- **EXERCISE GOAL**
An exact copy of every entry is needed, without the pictures.

- **RECORDS TO USE**
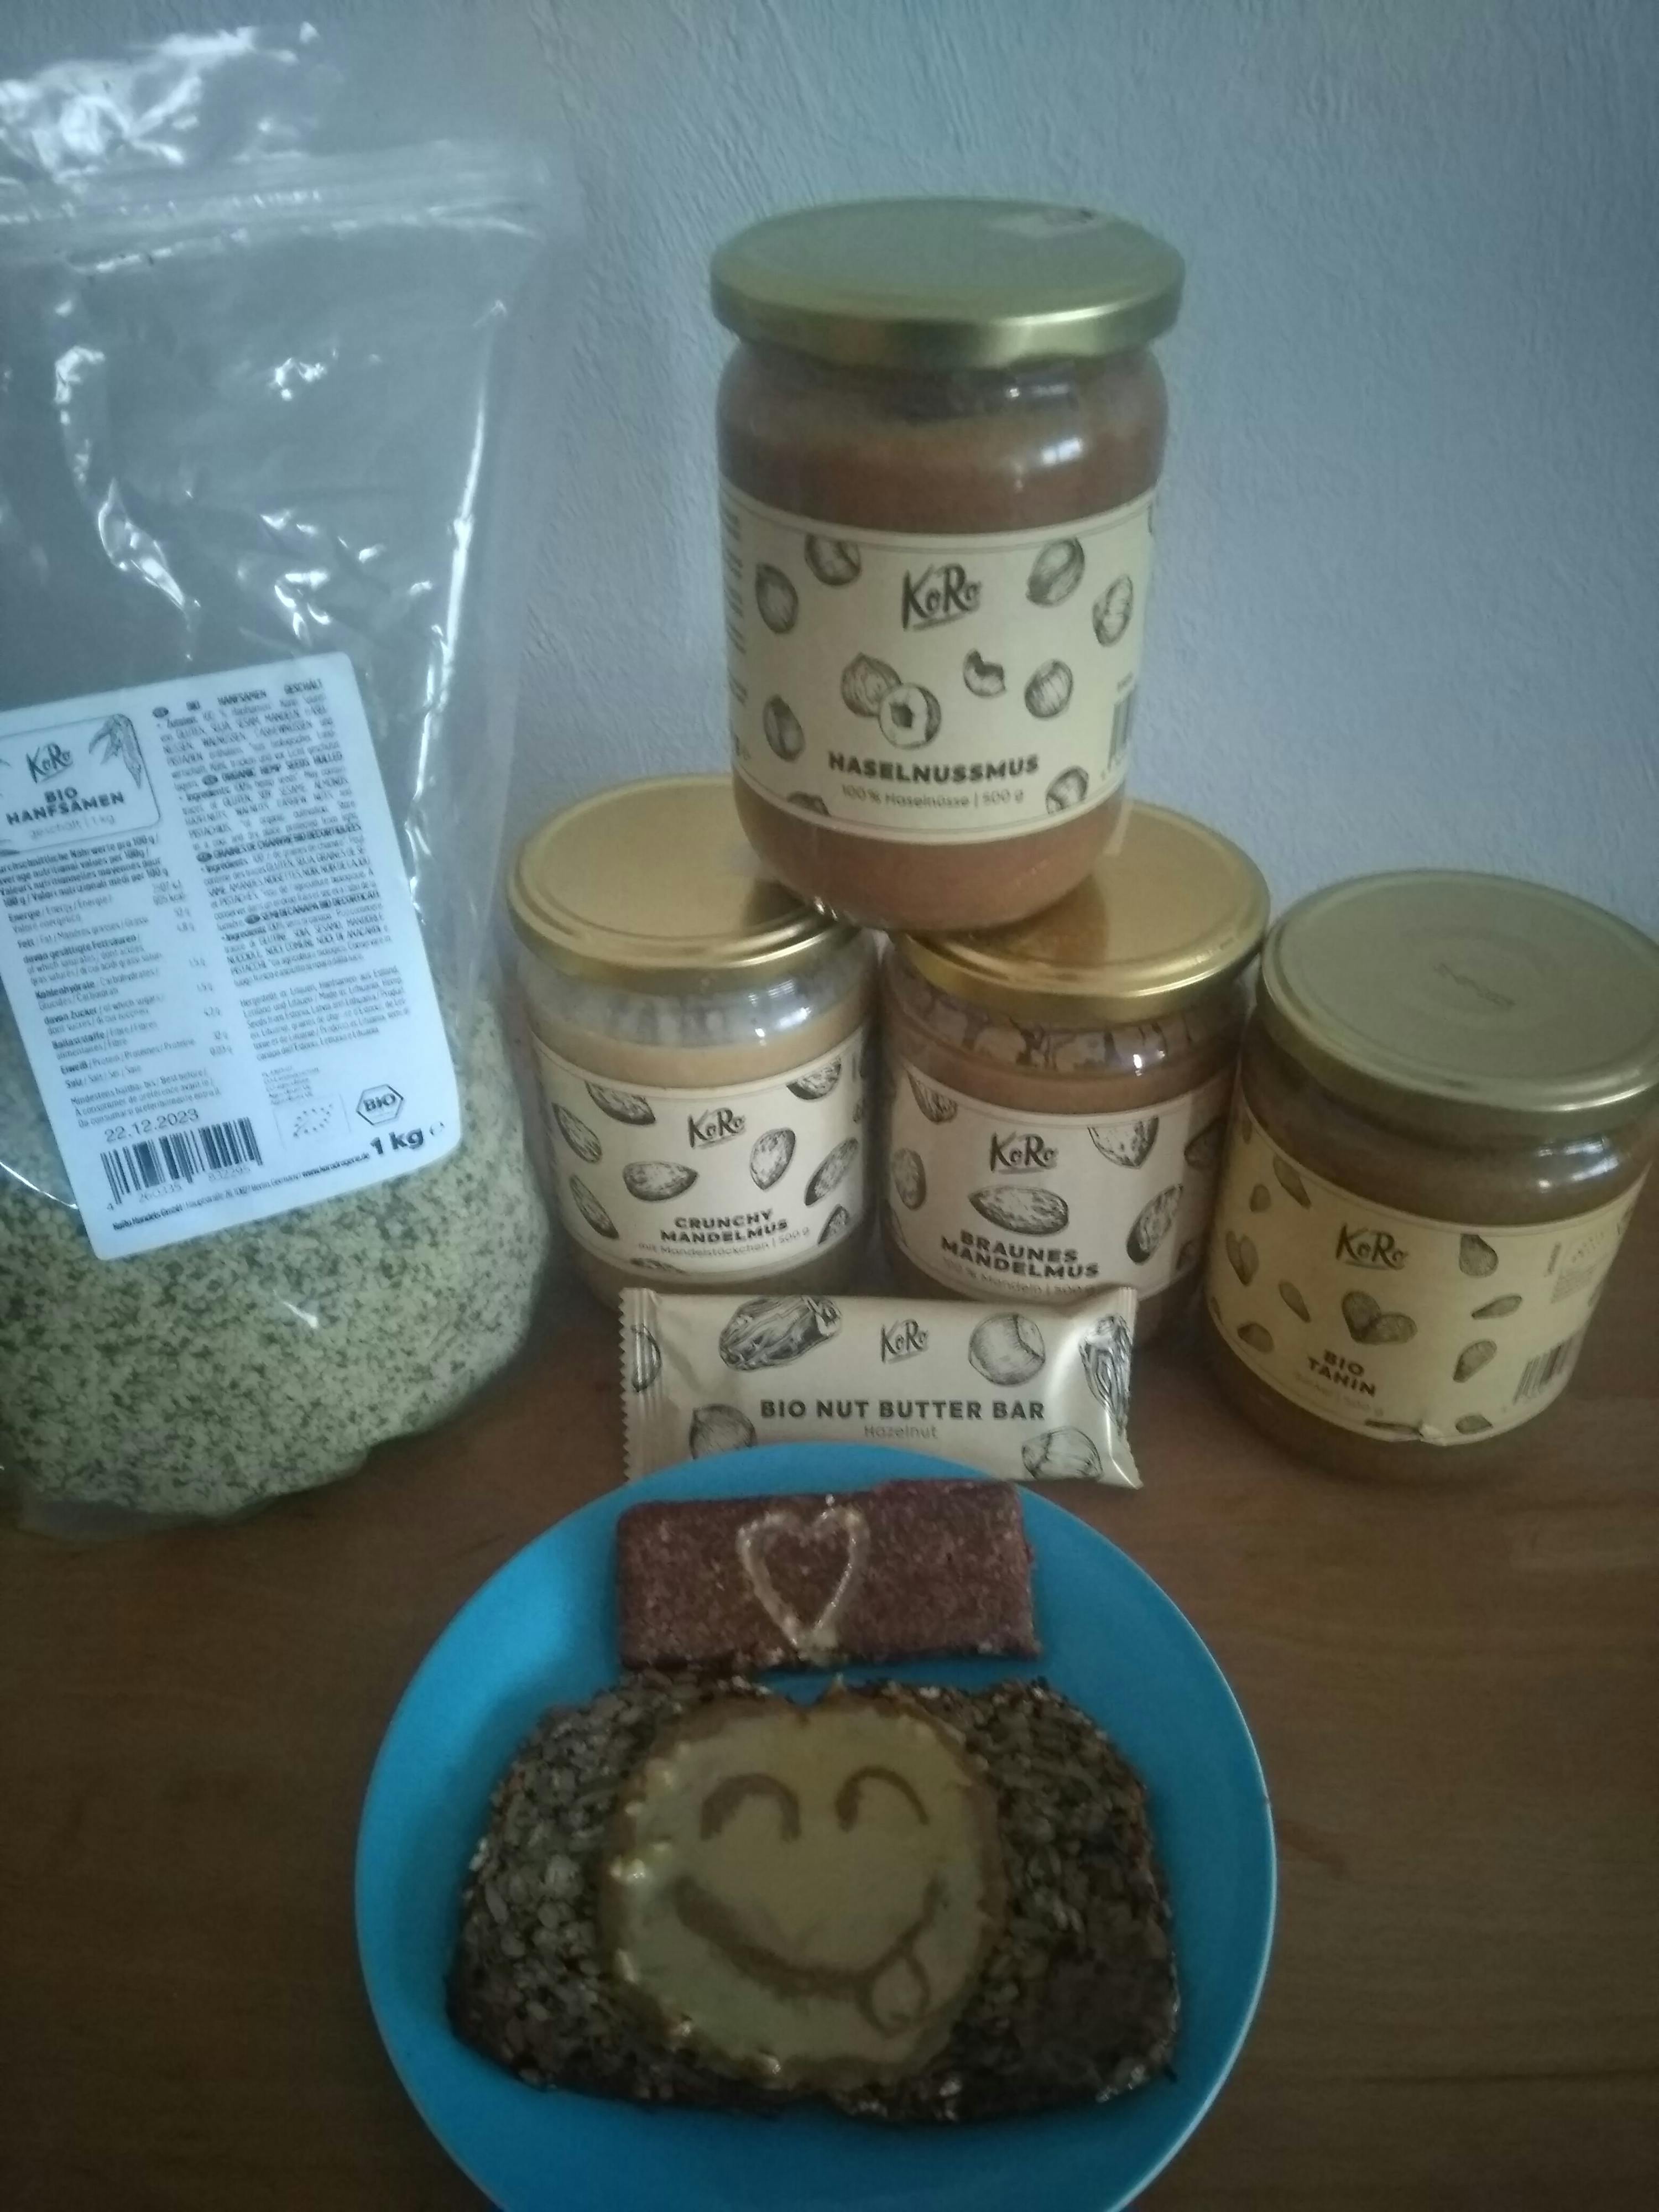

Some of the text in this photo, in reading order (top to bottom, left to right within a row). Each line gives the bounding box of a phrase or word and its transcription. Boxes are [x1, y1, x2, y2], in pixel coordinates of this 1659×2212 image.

[901, 563, 983, 632] KoRo
[26, 743, 73, 783] KoRo
[828, 751, 1039, 784] HASELNUSSMUS
[6, 791, 125, 826] HANFSAMEN
[44, 786, 77, 802] BIO
[982, 789, 1010, 806] 500
[363, 1093, 396, 1112] BIO
[105, 1108, 200, 1142] 22.12.2023
[370, 1128, 424, 1155] 1 kg
[687, 1107, 746, 1149] KoRo
[990, 1131, 1059, 1174] KoRo
[660, 1219, 787, 1243] MANDELMUS
[674, 1208, 773, 1229] CRUNCHY
[941, 1235, 1100, 1280] MANDELMUS
[960, 1229, 1078, 1263] BRAUNES
[1335, 1222, 1408, 1271] KoRo
[880, 1319, 929, 1364] KoRo
[1324, 1349, 1365, 1377] BIO
[760, 1399, 1045, 1420] BIO NUT BUTTER BAR
[864, 1424, 938, 1439] Hazelnut

- **ANSWER TO THE EXERCISE**
Some of the text in this photo, in reading order (top to bottom, left to right within a row). Each line gives the bounding box of a phrase or word and its transcription. Boxes are [x1, y1, x2, y2], in pixel coordinates of this 1659×2212 image.

[901, 563, 983, 632] KoRo
[26, 743, 73, 783] KoRo
[828, 751, 1039, 784] HASELNUSSMUS
[6, 791, 125, 826] HANFSAMEN
[44, 786, 77, 802] BIO
[982, 789, 1010, 806] 500
[363, 1093, 396, 1112] BIO
[105, 1108, 200, 1142] 22.12.2023
[370, 1128, 424, 1155] 1 kg
[687, 1107, 746, 1149] KoRo
[990, 1131, 1059, 1174] KoRo
[660, 1219, 787, 1243] MANDELMUS
[674, 1208, 773, 1229] CRUNCHY
[941, 1235, 1100, 1280] MANDELMUS
[960, 1229, 1078, 1263] BRAUNES
[1335, 1222, 1408, 1271] KoRo
[880, 1319, 929, 1364] KoRo
[1324, 1349, 1365, 1377] BIO
[760, 1399, 1045, 1420] BIO NUT BUTTER BAR
[864, 1424, 938, 1439] Hazelnut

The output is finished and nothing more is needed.